==== RECORDS FOR THE EXERCISE ====

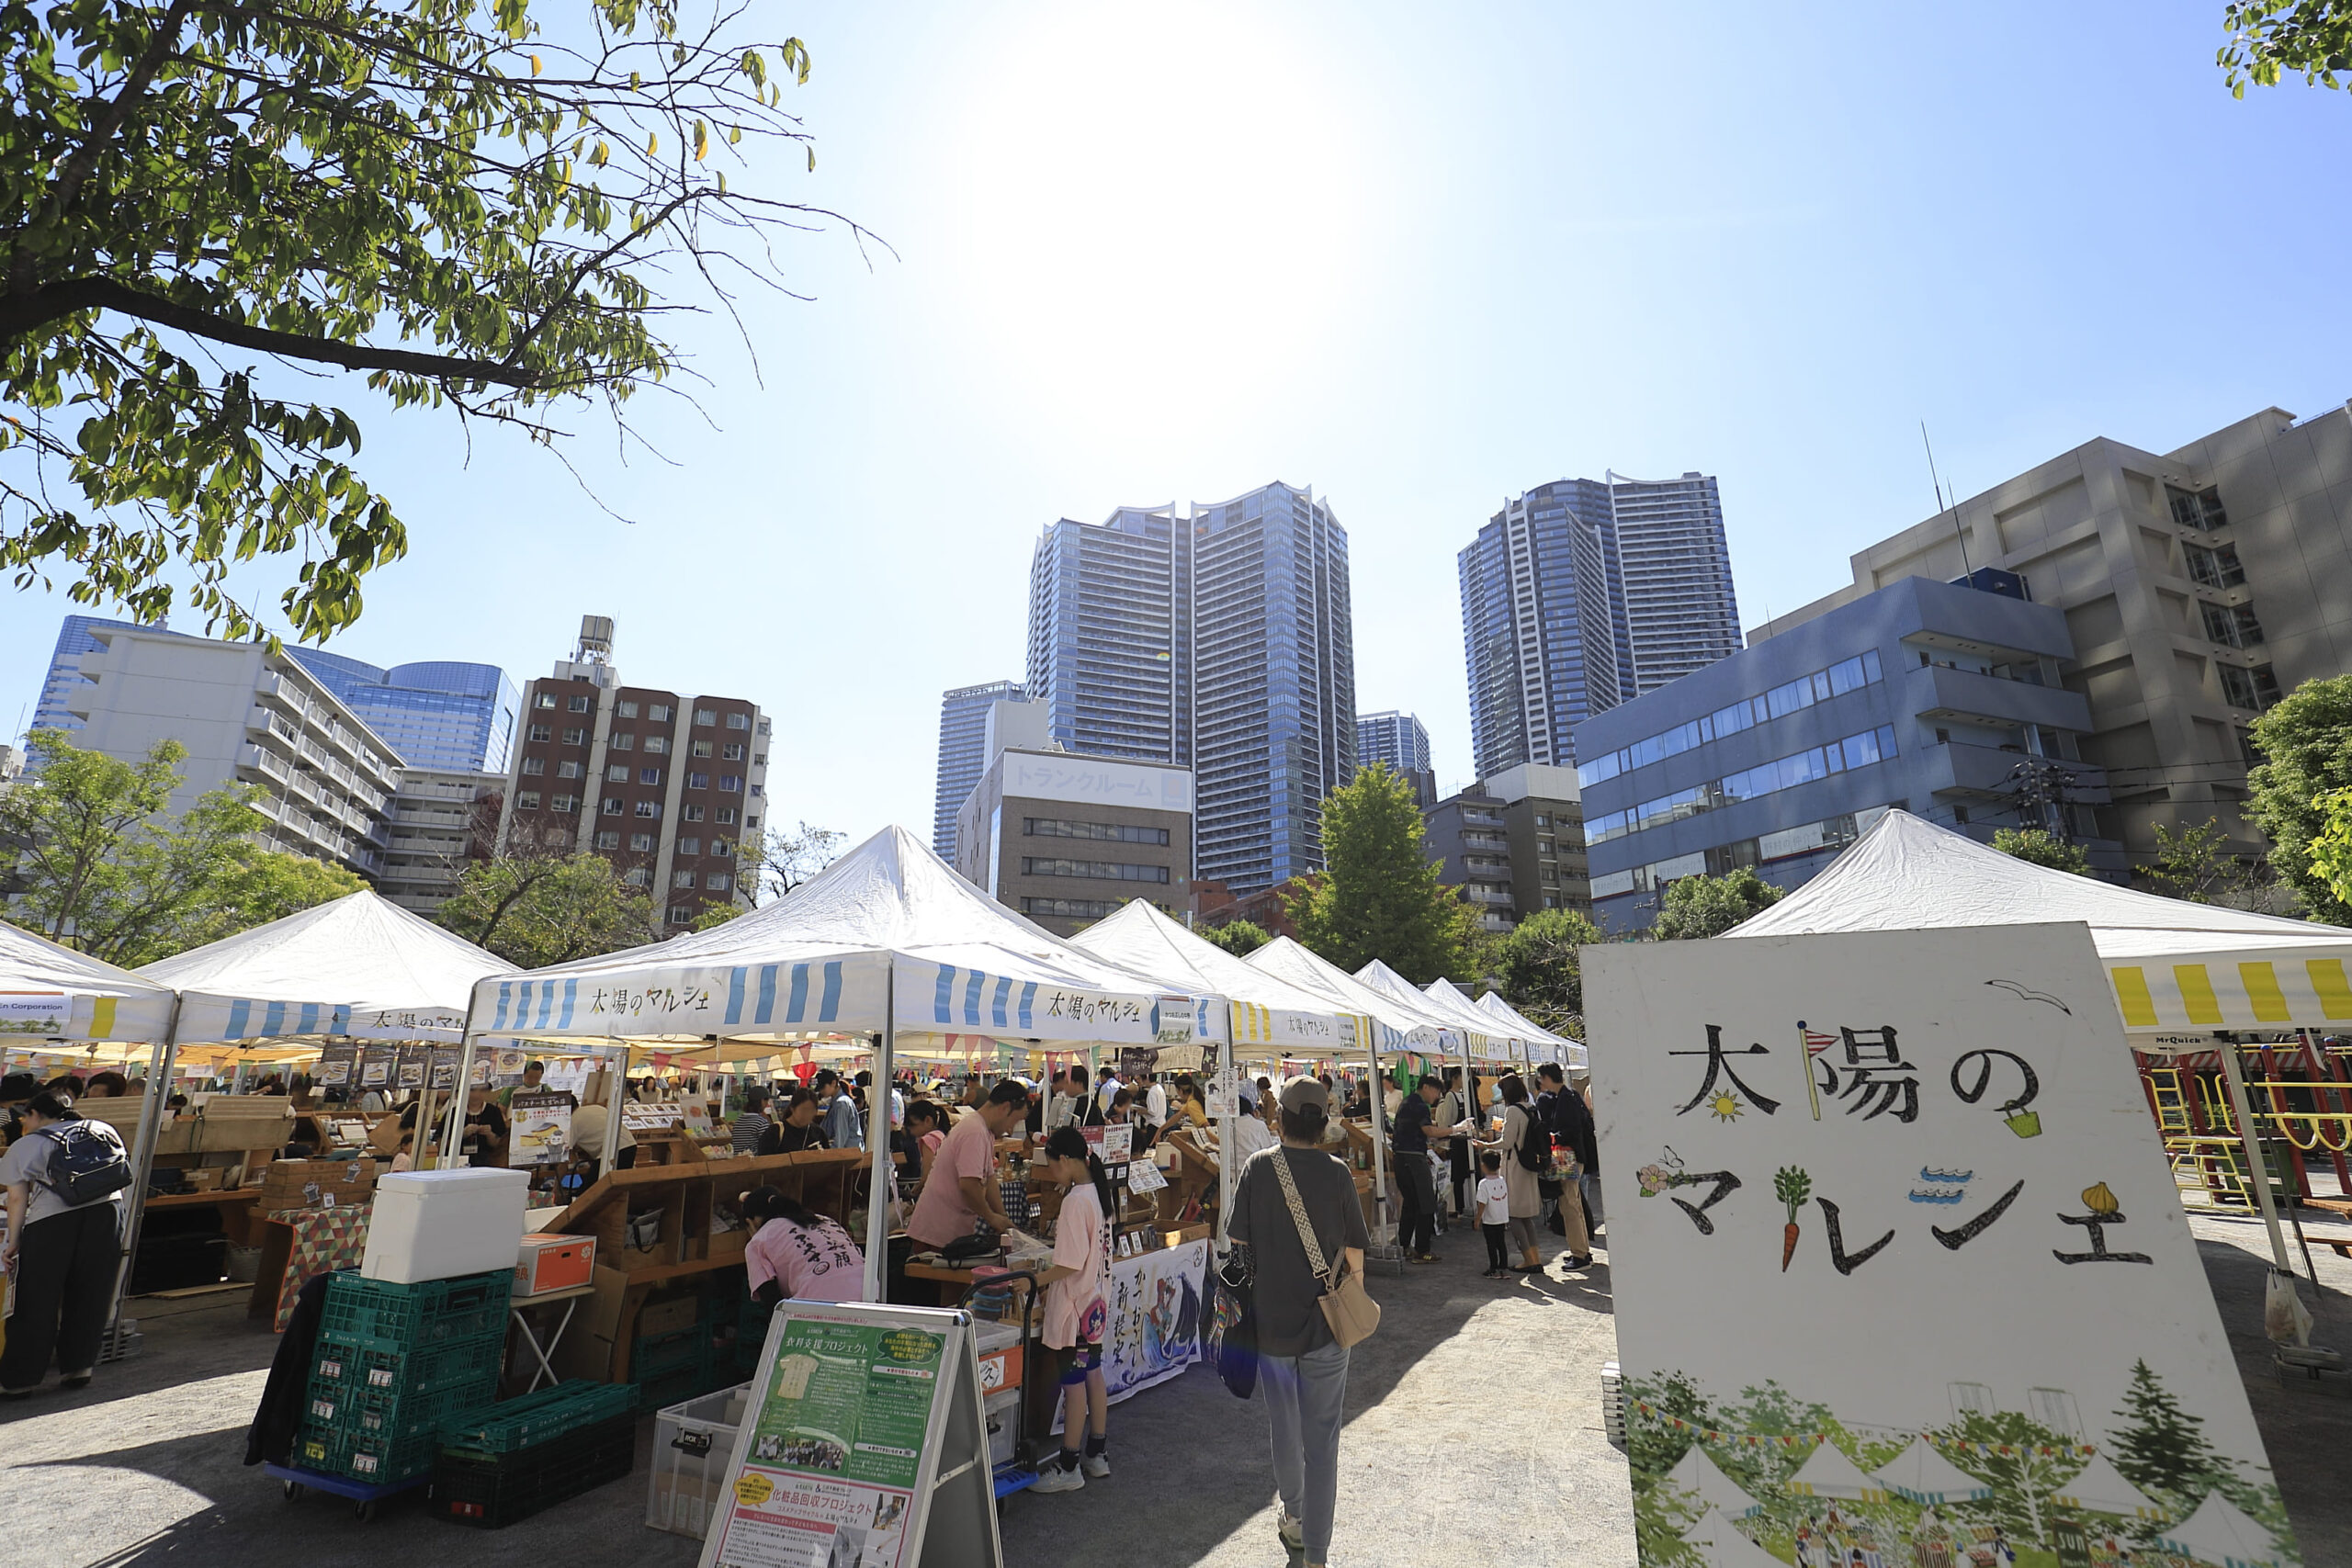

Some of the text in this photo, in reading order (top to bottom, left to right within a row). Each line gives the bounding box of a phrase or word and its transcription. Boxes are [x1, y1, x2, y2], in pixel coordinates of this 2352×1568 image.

[1017, 765, 1153, 798] トランクルーム
[591, 986, 709, 1016] 太陽のマルシェ
[1047, 991, 1140, 1023] 太陽のマルシェ
[1287, 1016, 1329, 1036] 太陽のマルシェ
[1668, 1021, 2041, 1137] 太陽の
[1636, 1163, 2154, 1276] マルシェ
[786, 1337, 868, 1355] 衣料支援プロジェクト
[773, 1488, 872, 1516] 化粧品回収プロジェクト
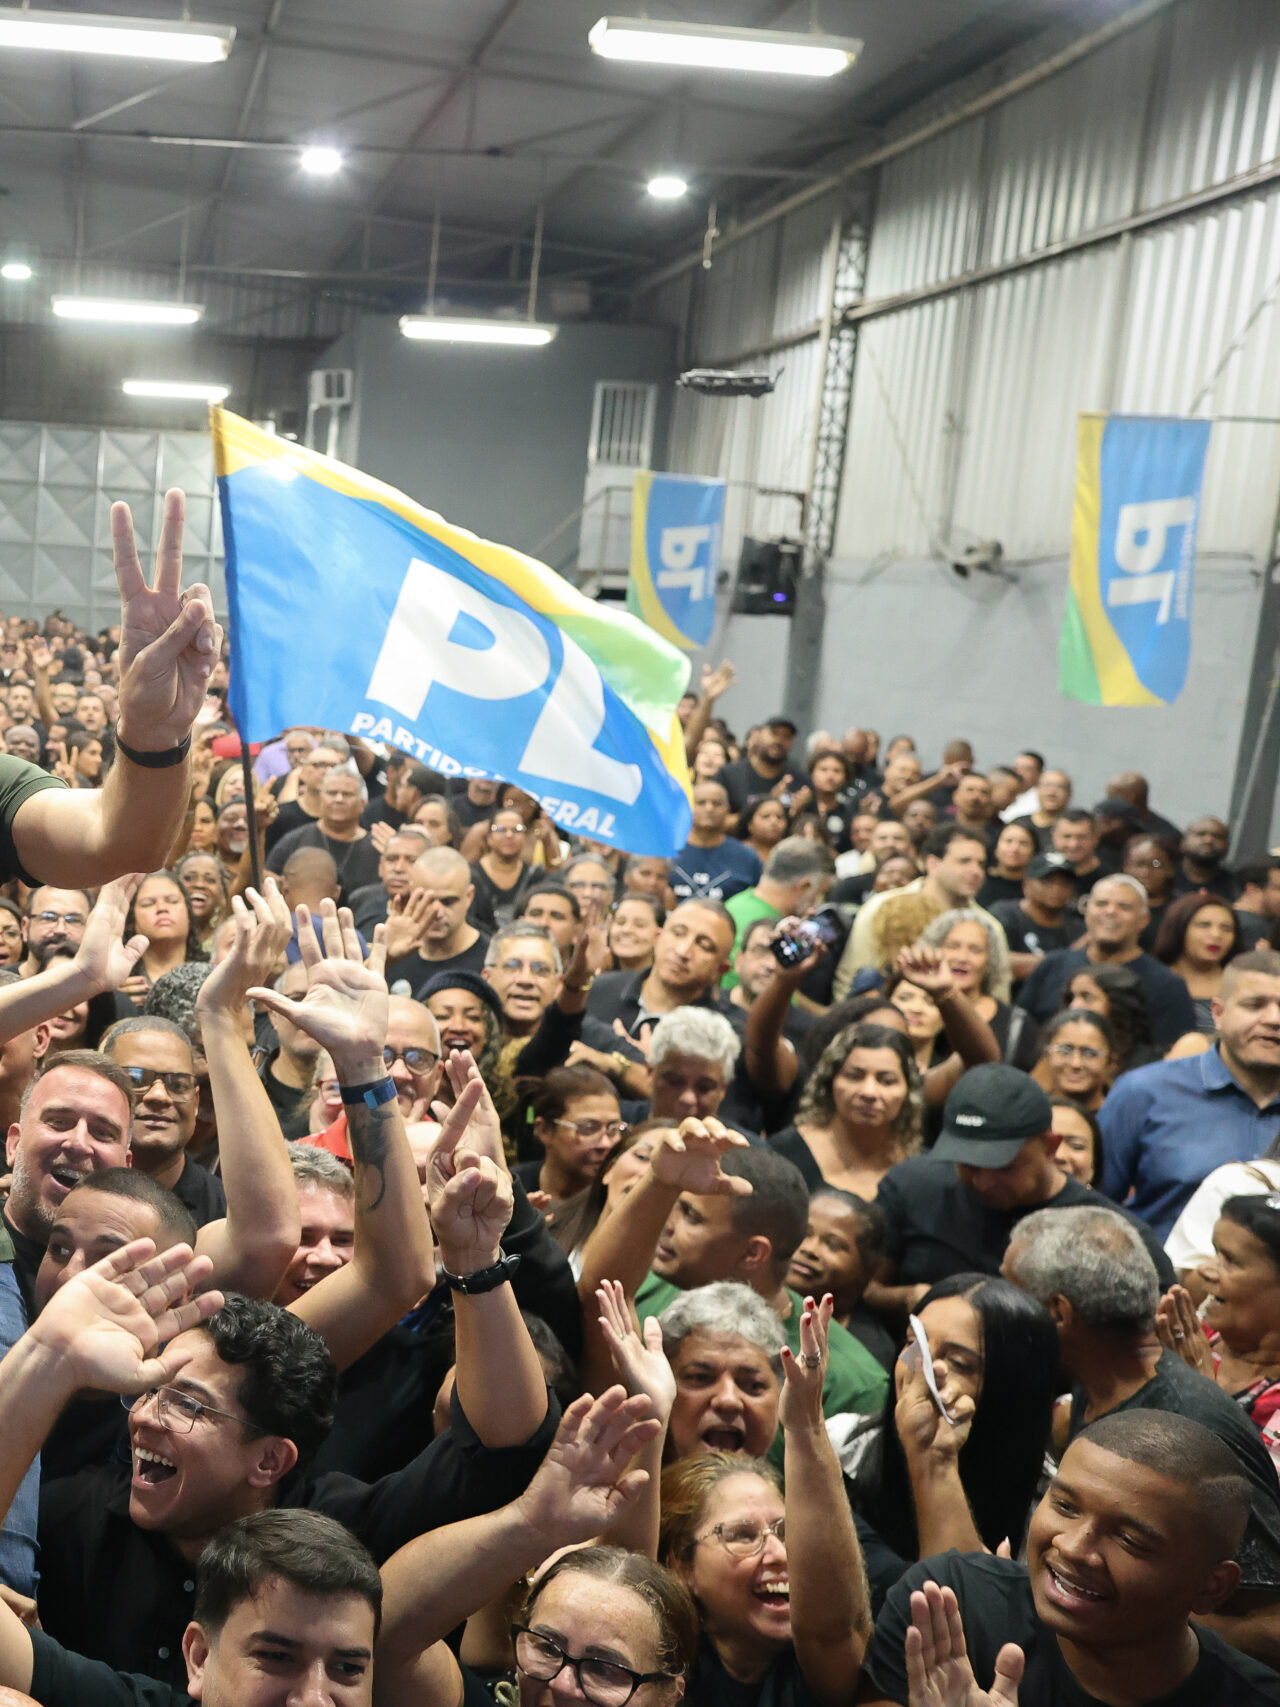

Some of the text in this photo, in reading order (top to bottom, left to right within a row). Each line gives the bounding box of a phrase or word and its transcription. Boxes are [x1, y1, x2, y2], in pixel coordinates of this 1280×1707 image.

[350, 712, 616, 838] PARTIDO ERAL
[366, 558, 643, 806] PL
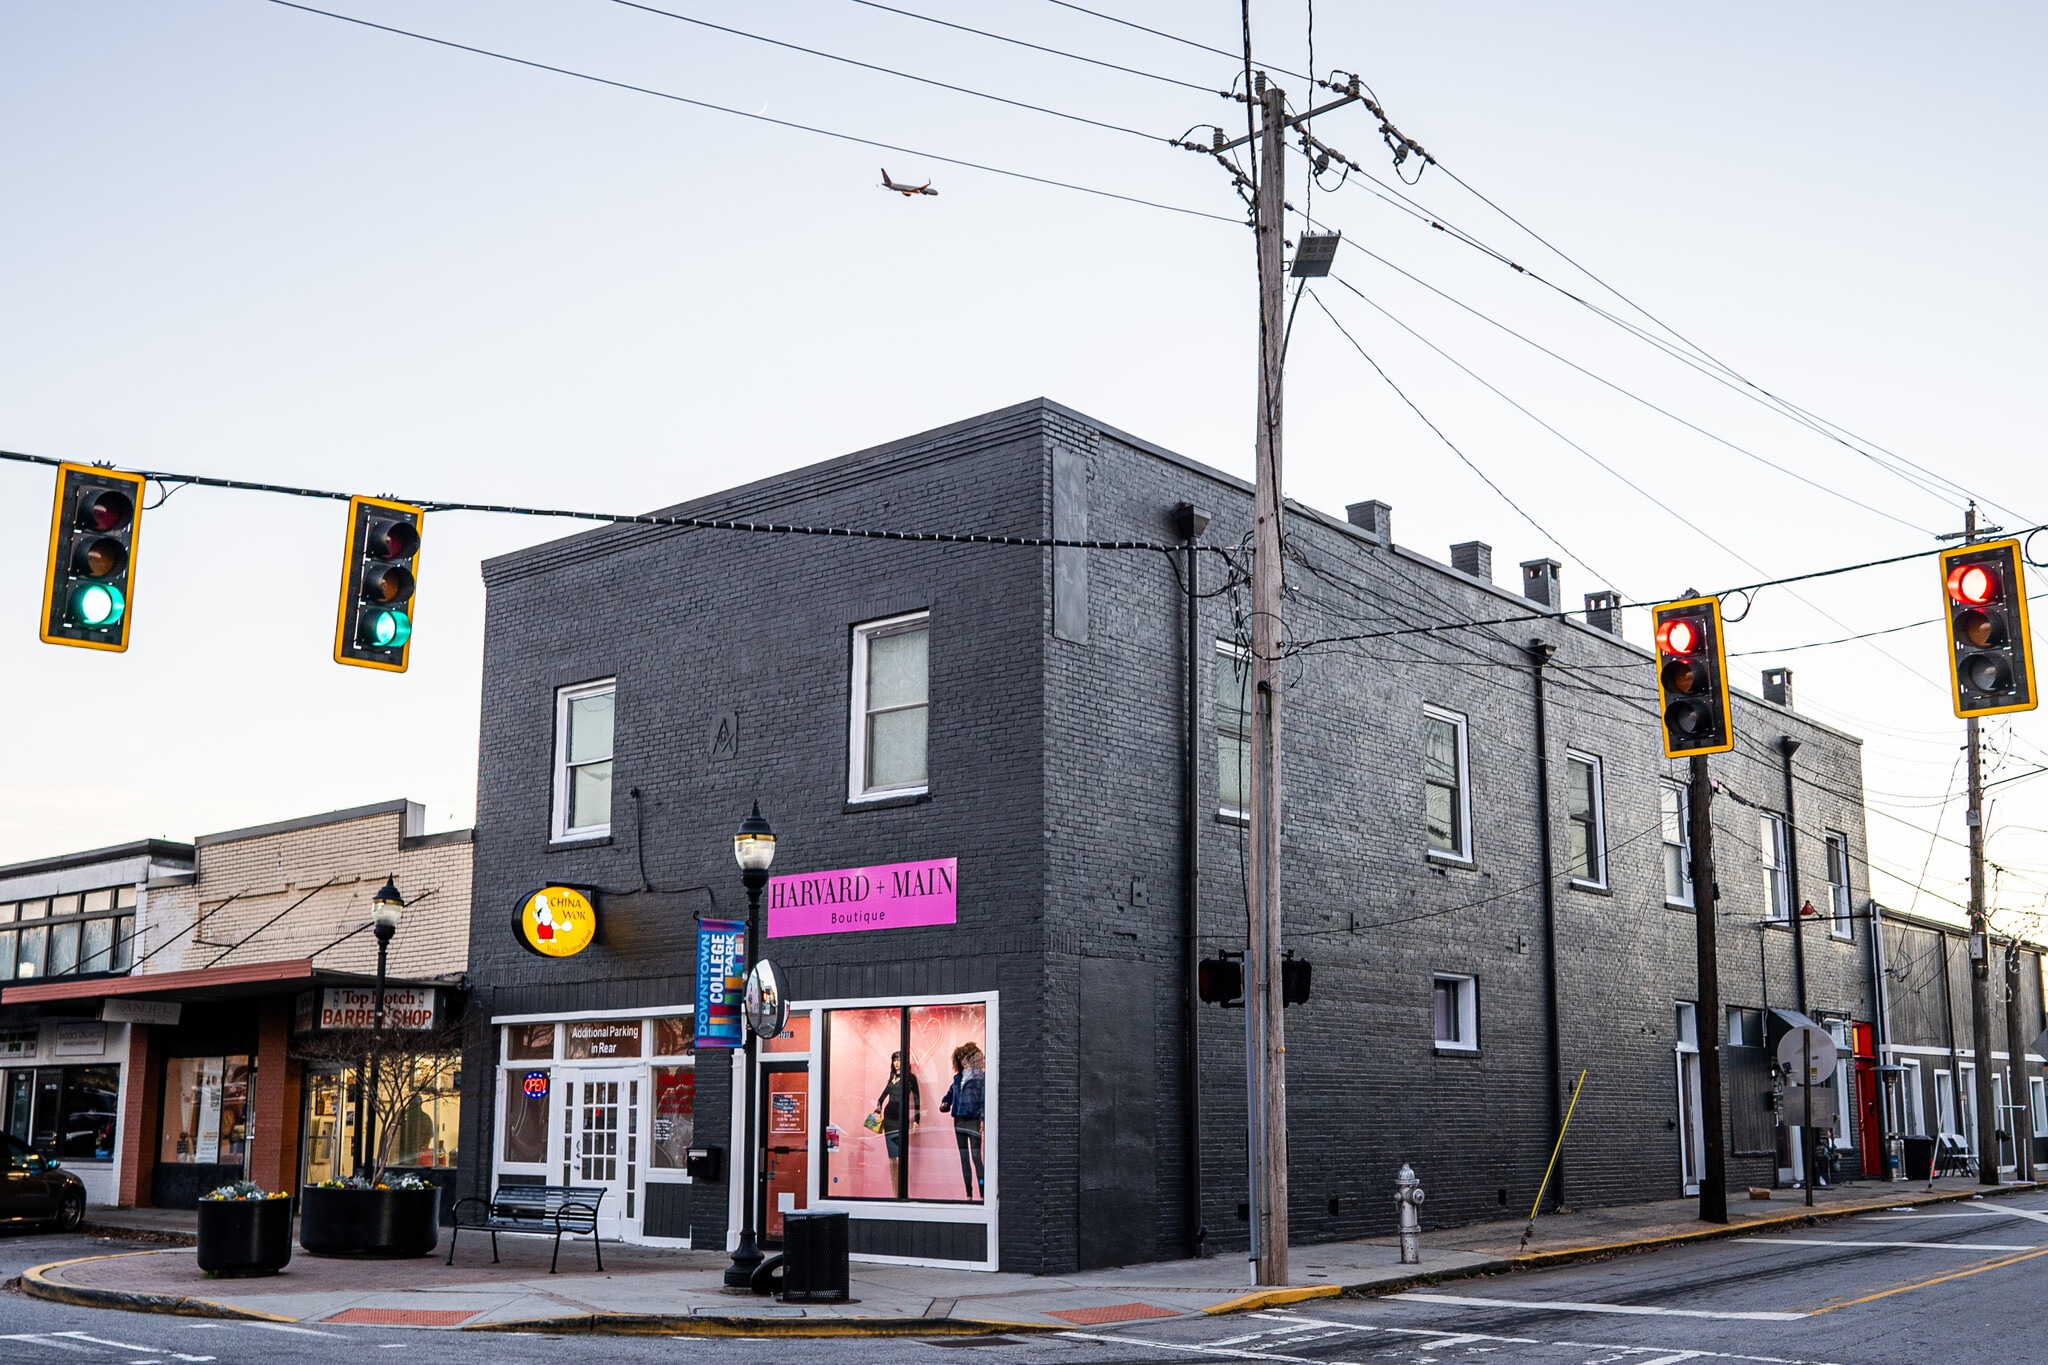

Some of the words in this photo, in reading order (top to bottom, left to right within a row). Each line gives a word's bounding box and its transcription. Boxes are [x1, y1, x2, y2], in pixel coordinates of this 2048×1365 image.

====

== AIM OF THE EXERCISE ==
Would you return the entries verbatim, minus any images?

== EXERCISE SOLUTION ==
Some of the text in this photo, in reading order (top to bottom, left to right within a row). Each line gives the bounding box of a phrase or word and its transcription. Boxes are [x1, y1, x2, y2], in pixel coordinates of this 2352×1568 image.

[1017, 765, 1153, 798] トランクルーム
[591, 986, 709, 1016] 太陽のマルシェ
[1047, 991, 1140, 1023] 太陽のマルシェ
[1287, 1016, 1329, 1036] 太陽のマルシェ
[1668, 1021, 2041, 1137] 太陽の
[1636, 1163, 2154, 1276] マルシェ
[786, 1337, 868, 1355] 衣料支援プロジェクト
[773, 1488, 872, 1516] 化粧品回収プロジェクト

Some of the text in this photo, in reading order (top to bottom, left to right within a row). Each line gives the bounding box of a phrase or word and its transcription. Boxes are [x1, y1, x2, y2], in pixel coordinates of this 1280×1707 image.

[350, 712, 616, 838] PARTIDO ERAL
[366, 558, 643, 806] PL

Some of the words in this photo, in reading order (top to bottom, left to right within a row). Each line gives a word's bounding box and its transcription. Boxes are [x1, y1, x2, y2], in pixel coordinates of this 2048×1365 image.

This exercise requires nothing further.